### Records provided
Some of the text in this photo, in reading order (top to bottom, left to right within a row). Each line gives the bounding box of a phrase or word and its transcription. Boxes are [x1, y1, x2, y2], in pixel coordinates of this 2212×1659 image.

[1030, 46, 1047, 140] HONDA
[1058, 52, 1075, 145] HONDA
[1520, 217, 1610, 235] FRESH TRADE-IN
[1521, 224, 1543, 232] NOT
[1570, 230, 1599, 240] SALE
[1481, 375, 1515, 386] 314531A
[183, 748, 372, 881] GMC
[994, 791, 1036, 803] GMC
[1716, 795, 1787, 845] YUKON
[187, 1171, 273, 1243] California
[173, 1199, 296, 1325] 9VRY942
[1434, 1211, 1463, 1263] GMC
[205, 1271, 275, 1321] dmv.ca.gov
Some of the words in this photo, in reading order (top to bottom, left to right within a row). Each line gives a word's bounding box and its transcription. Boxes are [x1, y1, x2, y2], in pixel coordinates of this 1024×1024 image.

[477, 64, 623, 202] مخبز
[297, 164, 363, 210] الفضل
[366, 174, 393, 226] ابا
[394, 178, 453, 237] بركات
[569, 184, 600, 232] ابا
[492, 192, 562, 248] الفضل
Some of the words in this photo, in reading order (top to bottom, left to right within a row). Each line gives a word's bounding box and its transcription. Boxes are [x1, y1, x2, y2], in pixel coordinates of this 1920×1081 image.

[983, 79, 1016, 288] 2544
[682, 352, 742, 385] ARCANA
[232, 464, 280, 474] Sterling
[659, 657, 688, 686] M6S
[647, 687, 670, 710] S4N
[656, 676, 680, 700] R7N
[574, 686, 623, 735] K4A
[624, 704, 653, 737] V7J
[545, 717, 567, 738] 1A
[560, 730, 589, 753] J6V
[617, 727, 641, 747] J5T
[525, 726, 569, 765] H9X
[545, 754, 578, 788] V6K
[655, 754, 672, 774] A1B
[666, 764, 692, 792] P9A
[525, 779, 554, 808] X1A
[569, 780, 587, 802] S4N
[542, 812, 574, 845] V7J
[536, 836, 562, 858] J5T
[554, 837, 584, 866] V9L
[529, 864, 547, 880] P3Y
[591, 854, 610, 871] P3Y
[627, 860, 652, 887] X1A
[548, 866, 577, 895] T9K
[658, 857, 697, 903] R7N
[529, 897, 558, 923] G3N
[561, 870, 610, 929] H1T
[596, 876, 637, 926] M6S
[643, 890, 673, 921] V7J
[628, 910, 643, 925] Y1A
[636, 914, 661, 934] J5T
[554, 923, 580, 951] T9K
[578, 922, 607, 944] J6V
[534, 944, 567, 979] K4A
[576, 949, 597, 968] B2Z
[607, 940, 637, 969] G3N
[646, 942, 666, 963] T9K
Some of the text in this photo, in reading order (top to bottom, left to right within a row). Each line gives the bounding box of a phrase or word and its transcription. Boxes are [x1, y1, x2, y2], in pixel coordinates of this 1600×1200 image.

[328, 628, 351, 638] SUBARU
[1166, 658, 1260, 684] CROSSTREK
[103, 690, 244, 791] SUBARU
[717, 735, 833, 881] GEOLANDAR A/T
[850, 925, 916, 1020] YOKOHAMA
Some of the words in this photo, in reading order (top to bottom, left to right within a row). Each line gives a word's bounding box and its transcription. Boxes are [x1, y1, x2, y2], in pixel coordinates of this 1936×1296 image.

### Problem
Transcribe the listing shown above in full and without change.

### Written answer
Some of the text in this photo, in reading order (top to bottom, left to right within a row). Each line gives the bounding box of a phrase or word and its transcription. Boxes are [x1, y1, x2, y2], in pixel coordinates of this 2212×1659 image.

[1030, 46, 1047, 140] HONDA
[1058, 52, 1075, 145] HONDA
[1520, 217, 1610, 235] FRESH TRADE-IN
[1521, 224, 1543, 232] NOT
[1570, 230, 1599, 240] SALE
[1481, 375, 1515, 386] 314531A
[183, 748, 372, 881] GMC
[994, 791, 1036, 803] GMC
[1716, 795, 1787, 845] YUKON
[187, 1171, 273, 1243] California
[173, 1199, 296, 1325] 9VRY942
[1434, 1211, 1463, 1263] GMC
[205, 1271, 275, 1321] dmv.ca.gov
Some of the words in this photo, in reading order (top to bottom, left to right within a row). Each line gives a word's bounding box and its transcription. Boxes are [x1, y1, x2, y2], in pixel coordinates of this 1024×1024 image.

[477, 64, 623, 202] مخبز
[297, 164, 363, 210] الفضل
[366, 174, 393, 226] ابا
[394, 178, 453, 237] بركات
[569, 184, 600, 232] ابا
[492, 192, 562, 248] الفضل
Some of the words in this photo, in reading order (top to bottom, left to right within a row). Each line gives a word's bounding box and its transcription. Boxes are [x1, y1, x2, y2], in pixel coordinates of this 1920×1081 image.

[983, 79, 1016, 288] 2544
[682, 352, 742, 385] ARCANA
[232, 464, 280, 474] Sterling
[659, 657, 688, 686] M6S
[647, 687, 670, 710] S4N
[656, 676, 680, 700] R7N
[574, 686, 623, 735] K4A
[624, 704, 653, 737] V7J
[545, 717, 567, 738] 1A
[560, 730, 589, 753] J6V
[617, 727, 641, 747] J5T
[525, 726, 569, 765] H9X
[545, 754, 578, 788] V6K
[655, 754, 672, 774] A1B
[666, 764, 692, 792] P9A
[525, 779, 554, 808] X1A
[569, 780, 587, 802] S4N
[542, 812, 574, 845] V7J
[536, 836, 562, 858] J5T
[554, 837, 584, 866] V9L
[529, 864, 547, 880] P3Y
[591, 854, 610, 871] P3Y
[627, 860, 652, 887] X1A
[548, 866, 577, 895] T9K
[658, 857, 697, 903] R7N
[529, 897, 558, 923] G3N
[561, 870, 610, 929] H1T
[596, 876, 637, 926] M6S
[643, 890, 673, 921] V7J
[628, 910, 643, 925] Y1A
[636, 914, 661, 934] J5T
[554, 923, 580, 951] T9K
[578, 922, 607, 944] J6V
[534, 944, 567, 979] K4A
[576, 949, 597, 968] B2Z
[607, 940, 637, 969] G3N
[646, 942, 666, 963] T9K
Some of the text in this photo, in reading order (top to bottom, left to right within a row). Each line gives the bounding box of a phrase or word and its transcription. Boxes are [x1, y1, x2, y2], in pixel coordinates of this 1600×1200 image.

[328, 628, 351, 638] SUBARU
[1166, 658, 1260, 684] CROSSTREK
[103, 690, 244, 791] SUBARU
[717, 735, 833, 881] GEOLANDAR A/T
[850, 925, 916, 1020] YOKOHAMA
Some of the words in this photo, in reading order (top to bottom, left to right within a row). Each line gives a word's bounding box and its transcription. Boxes are [x1, y1, x2, y2], in pixel coordinates of this 1936×1296 image.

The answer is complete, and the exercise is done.